The paper targets Grounded Multimodal Named Entity Recognition (GMNER), which must identify named entities and localize their corresponding visual regions from image-text pairs in open-world social media settings.
It argues that prior methods over-rely on either noisy heuristic retrieval (hurting precision on known entities) or internal LLM-based refinement (limited by model knowledge and prone to hallucinations).
The proposed SAKE framework combines internal “knowledge exploitation” with external “knowledge exploration” using self-aware reasoning and adaptive invocation of search tools.
SAKE is trained in two stages: difficulty-aware search tag generation to produce entity-level uncertainty signals, and SAKE-SeCoT supervised fine-tuning to teach self-awareness and tool use.

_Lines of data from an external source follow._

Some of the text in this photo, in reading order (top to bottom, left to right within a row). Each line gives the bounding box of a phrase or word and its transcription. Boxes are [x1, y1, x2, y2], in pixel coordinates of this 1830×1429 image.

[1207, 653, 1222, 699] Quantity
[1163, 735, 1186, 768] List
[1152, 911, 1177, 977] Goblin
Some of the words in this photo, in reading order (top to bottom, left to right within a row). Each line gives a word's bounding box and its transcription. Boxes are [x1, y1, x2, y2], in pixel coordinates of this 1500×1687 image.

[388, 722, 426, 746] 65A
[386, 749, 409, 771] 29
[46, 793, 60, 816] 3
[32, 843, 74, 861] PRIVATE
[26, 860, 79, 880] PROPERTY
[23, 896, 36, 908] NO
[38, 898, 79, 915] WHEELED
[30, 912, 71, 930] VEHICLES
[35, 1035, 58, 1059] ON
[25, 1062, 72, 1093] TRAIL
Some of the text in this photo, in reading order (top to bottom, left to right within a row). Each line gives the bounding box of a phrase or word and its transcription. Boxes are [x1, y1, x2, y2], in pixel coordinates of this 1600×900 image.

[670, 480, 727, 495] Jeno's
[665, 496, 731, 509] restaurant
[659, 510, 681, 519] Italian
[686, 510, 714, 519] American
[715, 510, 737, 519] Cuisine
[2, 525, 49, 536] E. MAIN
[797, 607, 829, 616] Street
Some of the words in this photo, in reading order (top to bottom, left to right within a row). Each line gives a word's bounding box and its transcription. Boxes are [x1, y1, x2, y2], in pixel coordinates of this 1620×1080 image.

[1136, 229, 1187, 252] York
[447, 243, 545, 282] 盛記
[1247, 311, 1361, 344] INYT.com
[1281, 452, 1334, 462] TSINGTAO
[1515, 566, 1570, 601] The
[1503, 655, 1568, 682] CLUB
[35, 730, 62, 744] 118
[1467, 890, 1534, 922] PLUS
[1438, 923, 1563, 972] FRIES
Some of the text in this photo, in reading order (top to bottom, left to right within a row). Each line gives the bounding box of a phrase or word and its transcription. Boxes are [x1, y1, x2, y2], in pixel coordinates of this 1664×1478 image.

Experiments on two social media benchmarks show SAKE improves performance by using agentic reinforcement learning with rewards that discourage unnecessary retrieval, enabling better decisions about when to search.

Abstract

Grounded Multimodal Named Entity Recognition (GMNER) aims to extract named entities and localize their visual regions within image-text pairs, serving as a pivotal capability for various downstream applications. In open-world social media platforms, GMNER remains challenging due to the prevalence of long-tailed, rapidly evolving, and unseen entities. To tackle this, existing approaches typically rely on either external knowledge exploration through heuristic retrieval or internal knowledge exploitation via iterative refinement in Multimodal Large Language Models (MLLMs). However, heuristic retrieval often introduces noisy or conflicting evidence that degrades precision on known entities, while solely internal exploitation is constrained by the knowledge boundaries of MLLMs and prone to hallucinations. To address this, we propose SAKE, an end-to-end agentic framework that harmonizes internal knowledge exploitation and external knowledge exploration via self-aware reasoning and adaptive search tool invocation. We implement this via a two-stage training paradigm. First, we propose Difficulty-aware Search Tag Generation, which quantifies the model's entity-level uncertainty through multiple forward samplings to produce explicit knowledge-gap signals. Based on these signals, we construct SAKE-SeCoT, a high-quality Chain-of-Thought dataset that equips the model with basic self-awareness and tool-use capabilities through supervised fine-tuning. Second, we employ agentic reinforcement learning with a hybrid reward function that penalizes unnecessary retrieval, enabling the model to evolve from rigid search imitation to genuine self-aware decision-making about when retrieval is truly necessary. Extensive experiments on two widely used social media benchmarks demonstrate SAKE's effectiveness.